Trump Kecolongan, Bos Apple Disebut Bohong Mau Bangun Pabrik
Jakarta, CNBC Indonesia - Janji bos Apple Tim Cook untuk membangun pabrik di Amerika Serikat (AS) disebut hanya kebohongan belaka. Tudingan ini diungkapkan penasihat perdagangan Gedung Putih Peter Navarro.
Sebelumnya, Apple berencana akan memindahkan fasilitasnya dari China ke Amerika Serikat (AS). Selain itu, produsen iPhone juga telah memperbesar investasi di negara asalnya.
"Kita membiarkan dia [Apple] lolos begitu saja di masa jabatan pertama [Trump], karena dia [Tim Cook] berjanji akan memindahkan produksi iPhone-nya ke sini, dan berbohong terang-terangan," kata Navarro, dikutip dari New York Post.
Alih-alih ke AS, Apple diketahui memilih membangun pabrik di India. Navarro menilai pemindahan pabrik iPhone ke India tidak jauh berbeda dengan berada di China.
"Mereka akan pergi ke India, dan menurut saya tidak jauh lebih baik dengan berada di China," kata Navarro.
MacDailyNews mencatat pabrik-pabrik perakitan iPhone di China merakit 190 juta unit iPhone per tahun. Jumlahnya makin menurun seiring peningkatan produksi di India.
Laporan MacDailyNews juga menyoroti soal perakitan iPhone di AS. Disebut dalam laporan, hal itu disebut tidak akan berhasil.
Laporan itu menyoroti beberapa hal, dari upah yang tidak menarik dan tidak tersedianya perumahan pekerja serta fasilitas lainnya.
Selain itu juga ada masalah perkembangan robot. Karena pabrik masa depan AS akan dilakukan oleh robot dan dikelola sedikit orang dengan gaji lebih tinggi untuk menjaga jalur perakitan tetap berjalan.
Komitmen Apple Bangun Pabrik Mac Mini di AS
Baru-baru ini, laporan Reuters menyebut Apple akan memindahkan produksi Mac Mini di pabriknya di AS mulai akhir 2026.
Apple sebelumnya sudah mengumumkan rencana untuk menginvestasikan US$600 miliar (Rp10 triliun) di AS pada 2025 lalu. CEO Apple Tim Cook juga tampak makin akrab dengan Trump.
Pada Agustus 2025, Cook hadir di Gedung Putih bersama Trump untuk pengumuman komitmen sebesar US$100 miliar. Perusahaan tersebut juga mengatakan akan membeli komponen dan memperluas hubungannya dengan pemasok AS.
"Sebagai bagian dari komitmen US$600 miliar kami, Mac Mini akan diproduksi di AS untuk pertama kalinya pada akhir tahun ini," tulis Cook di akun X personalnya pada Selasa (24/2) waktu setempat.
"Kami mempercepat peningkatan [realisasi komitmen] lebih jauh.
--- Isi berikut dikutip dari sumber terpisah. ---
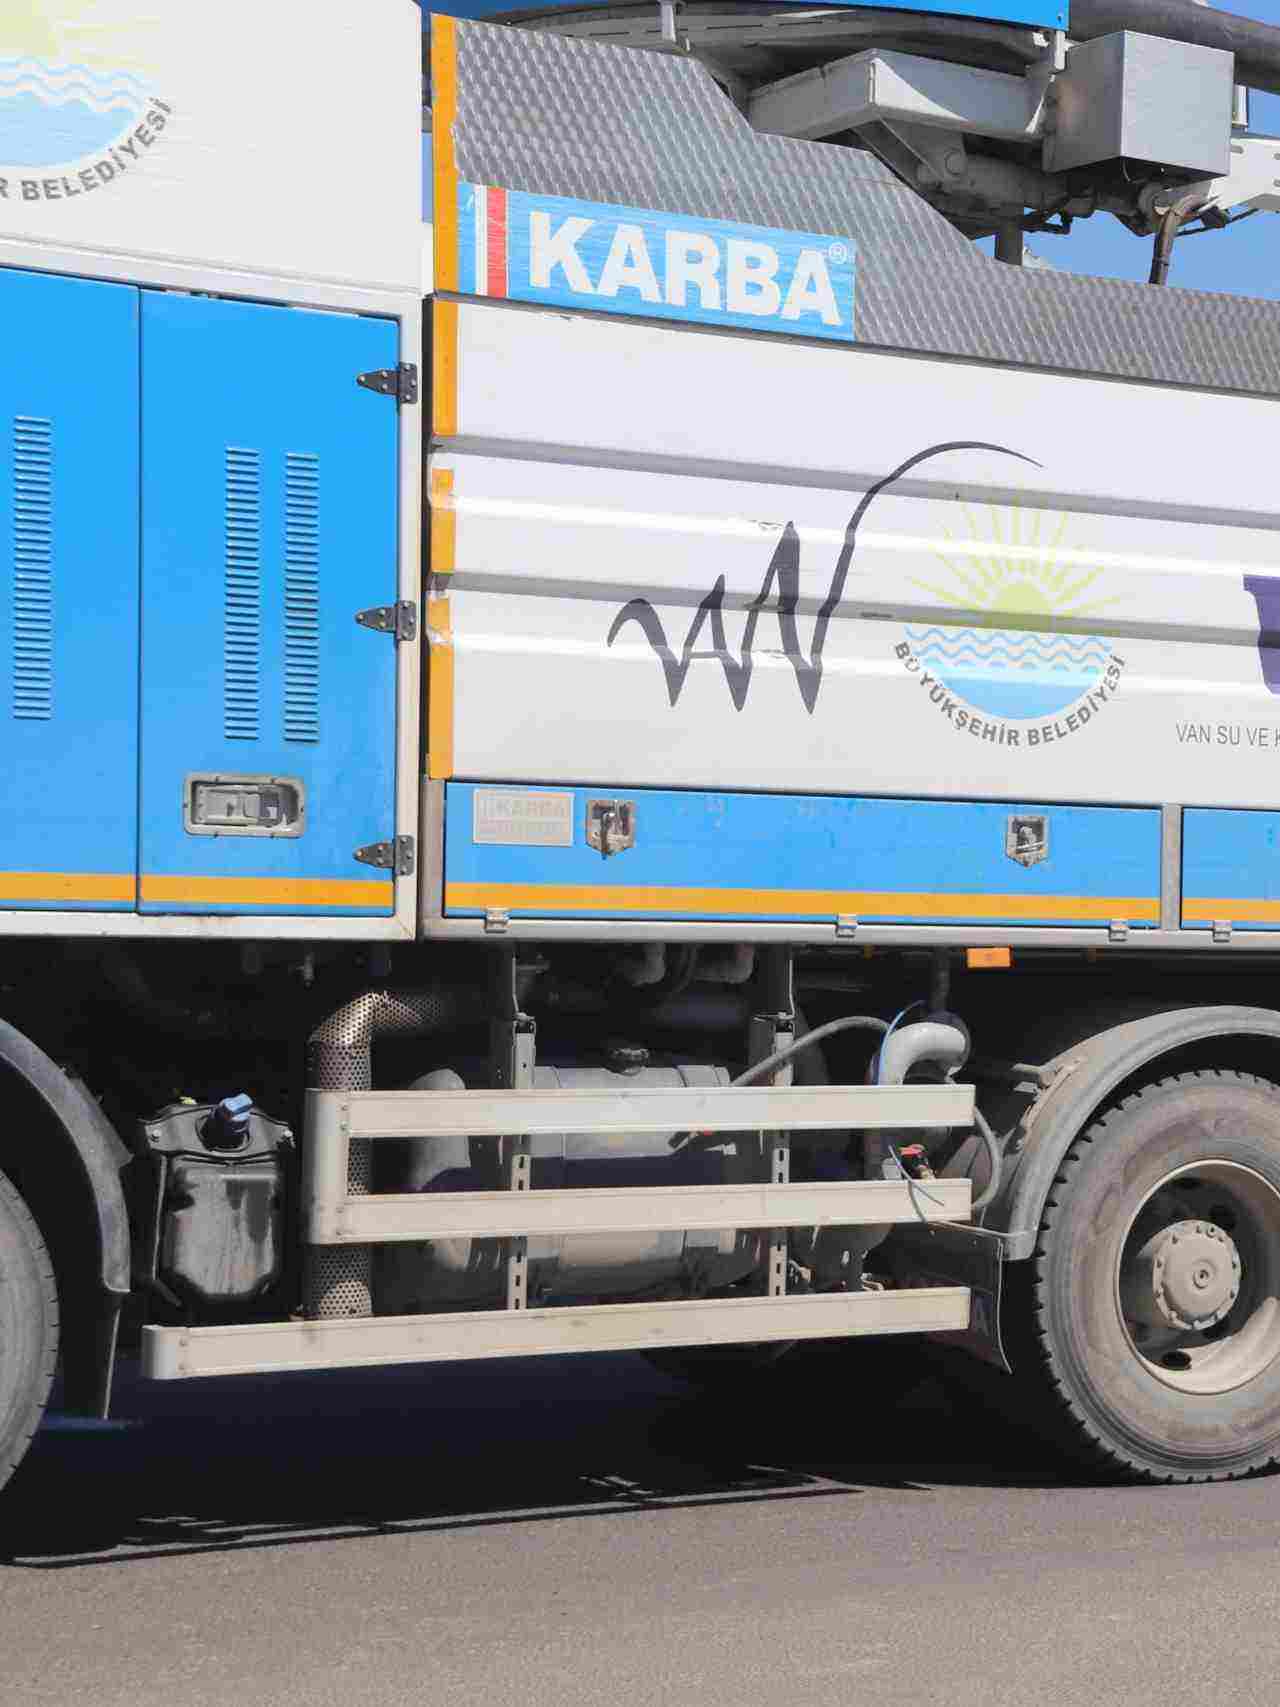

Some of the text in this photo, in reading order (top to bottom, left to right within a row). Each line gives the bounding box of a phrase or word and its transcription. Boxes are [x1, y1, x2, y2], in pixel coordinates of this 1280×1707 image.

[21, 97, 172, 200] BELEDİYESİ
[894, 641, 1126, 746] BÜYÜKŞEHİR BELEDİYESİ
[1176, 723, 1211, 744] VAN
[1216, 725, 1240, 746] SU
[1246, 727, 1269, 747] VE
Kami memproduksi lebih banyak server AI dan membuka Pusat Manufaktur Canggih Apple untuk pelatihan langsung [di AS]," Cook menambahkan.
Mac Mini merupakan komputer compact buatan Apple yang dihargai lebih murah, mulai dari US$600, menurut situs resmi perusahaan. Mulai akhir tahun ini, produksi akan dilakukan di pabrik baru Apple di Houston.
Fasilitas tersebut sudah mulai beroperasi untuk produksi server AI pada tahun lalu, kata Apple dalam sebuah pernyataan.